The Africa Centre for Disease Control has finally secured a predictable source of COVID-19 vaccines for the continent.

An agreement with ASPEN in South Africa will see a confirmed 220-million doses of the Johnson and Johnson vaccine shared amongst members of states by September next 2022.

The first batch of 6.4 million doses of the single-shot drug will be dispatched to 35 countries during the month of August.

This vaccine acquisition led by African Union Special Envoy for COVID-19, Strive Masiyiwa, and is support through a loan facility of two billion USD dollars by Afreximbank.

More than eight months since developing nations started their COVID-19 vaccination programmes, Africa has finalised a deal that will see a steady distribution of vaccines for member states’ rollouts.

Having to depend on donations from high-income countries like France and the United States saw African countries experience start-and-stop on their inoculation drives.

The number of doses was also limited meaning the goal to have the majority of adults vaccinated in order to achieve herd immunity has shifted.

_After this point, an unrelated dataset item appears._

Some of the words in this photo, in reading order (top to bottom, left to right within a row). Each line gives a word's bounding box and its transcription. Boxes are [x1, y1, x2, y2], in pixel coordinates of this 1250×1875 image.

The deal by the African Union’s African Vaccine Acquisition Trust lead by the Special Envoy for COVID-19, Strive Masiyiwa says the Johnson & Johnson doses from South Africa will be transported and distributed by UNICEF to other nations.

Masiyiwa says that once all countries commit and make their deposits to AVAT, they hope to see the target of 400-million doses.

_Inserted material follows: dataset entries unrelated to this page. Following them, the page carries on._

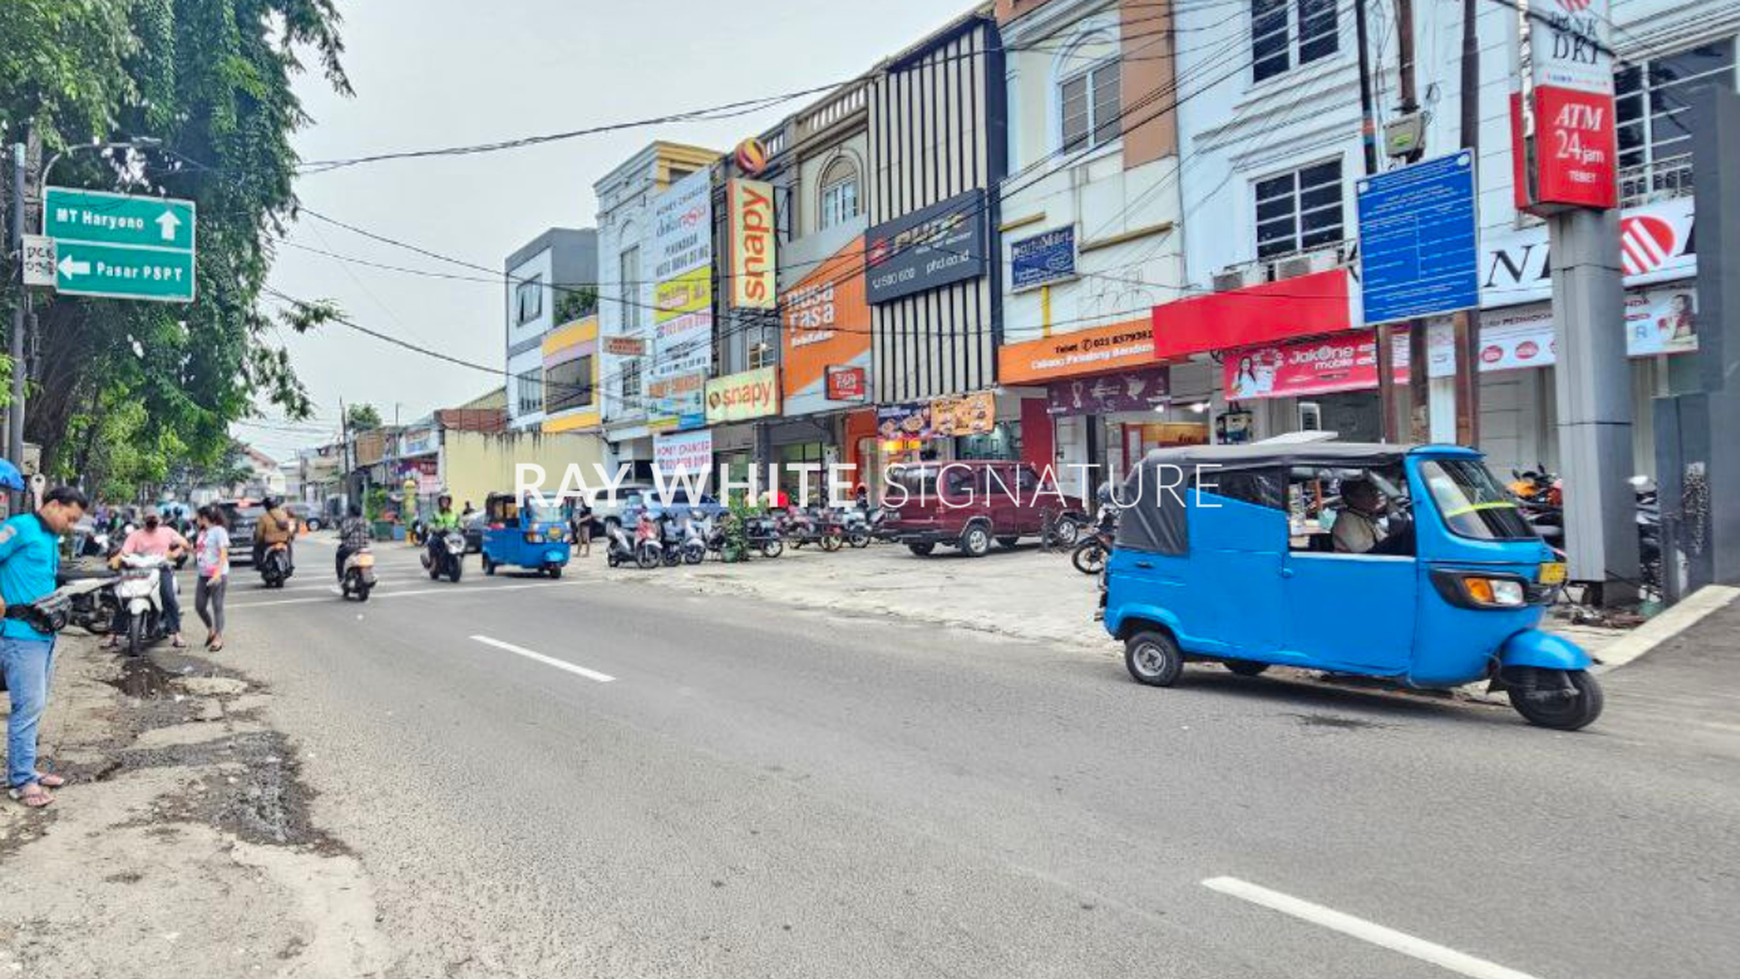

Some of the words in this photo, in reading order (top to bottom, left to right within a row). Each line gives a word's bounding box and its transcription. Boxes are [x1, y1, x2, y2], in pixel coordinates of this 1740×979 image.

[1553, 34, 1598, 64] DKI
[1554, 102, 1604, 131] ATM
[1554, 129, 1582, 160] 24
[1581, 146, 1605, 164] jam
[56, 208, 78, 223] MT
[82, 210, 144, 230] Haryono
[742, 186, 770, 300] snapy
[97, 261, 138, 279] Pasar
[142, 265, 183, 281] PSPT
[789, 303, 835, 333] rasa
[1289, 343, 1354, 366] JakOne
[1315, 357, 1353, 371] mobile
[723, 381, 772, 407] snapy
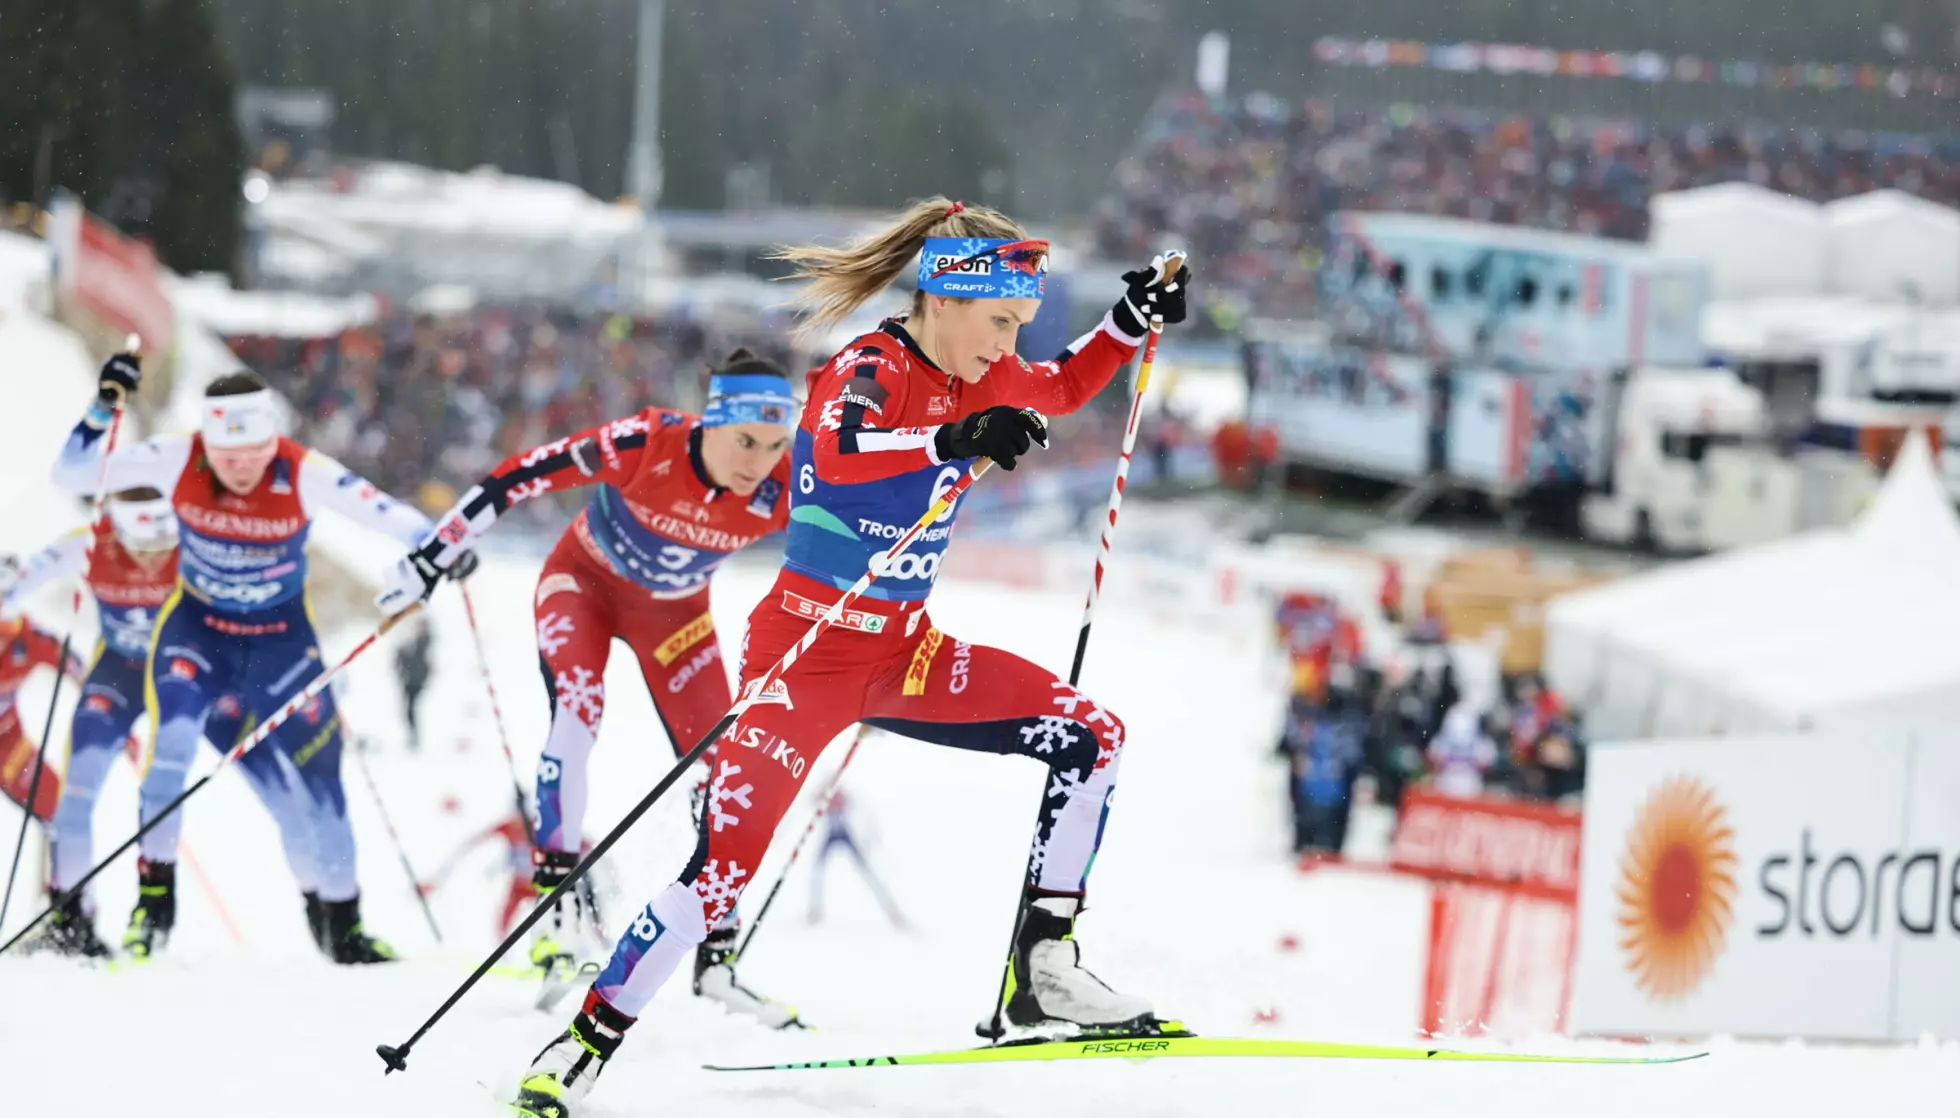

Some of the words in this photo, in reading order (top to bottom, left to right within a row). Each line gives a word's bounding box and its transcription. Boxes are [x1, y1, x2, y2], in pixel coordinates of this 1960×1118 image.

Included in the distribution is nine Caribbean countries that joined AVAT earlier this year, to fast track their procurement of vaccines.

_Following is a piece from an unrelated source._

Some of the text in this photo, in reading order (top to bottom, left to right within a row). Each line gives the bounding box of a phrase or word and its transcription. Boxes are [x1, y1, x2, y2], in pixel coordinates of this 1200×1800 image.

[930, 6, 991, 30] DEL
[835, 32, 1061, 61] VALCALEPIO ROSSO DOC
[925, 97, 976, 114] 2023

The allocation of the single-shot drug is dependent on the financial arrangements each member state has made through the Trust and Afreximbank.

Director of the Africa Centre for Disease Control, John Nkengasong, says while uptake for the COVID-19 vaccine had been slow in many countries, the viciousness of the third second and third waves have convinced many to join the queues for the inoculations.

He shared how he believes his life was saved by his inoculation which was administered in April. He caught COVID-19 last month and says he imagines he couldn’t have fought the disease without the protection of the vaccine.

And on achieving herd immunity by next year, he says the goalposts have shifted.

Nkengasong also says there’s has been no fatal side effects reported in Africa associated with any COVID-19 vaccine.

The World Health Organisation’s Afro office says it will be working with member states to strengthen their vaccination drives as shipments arrive in each country.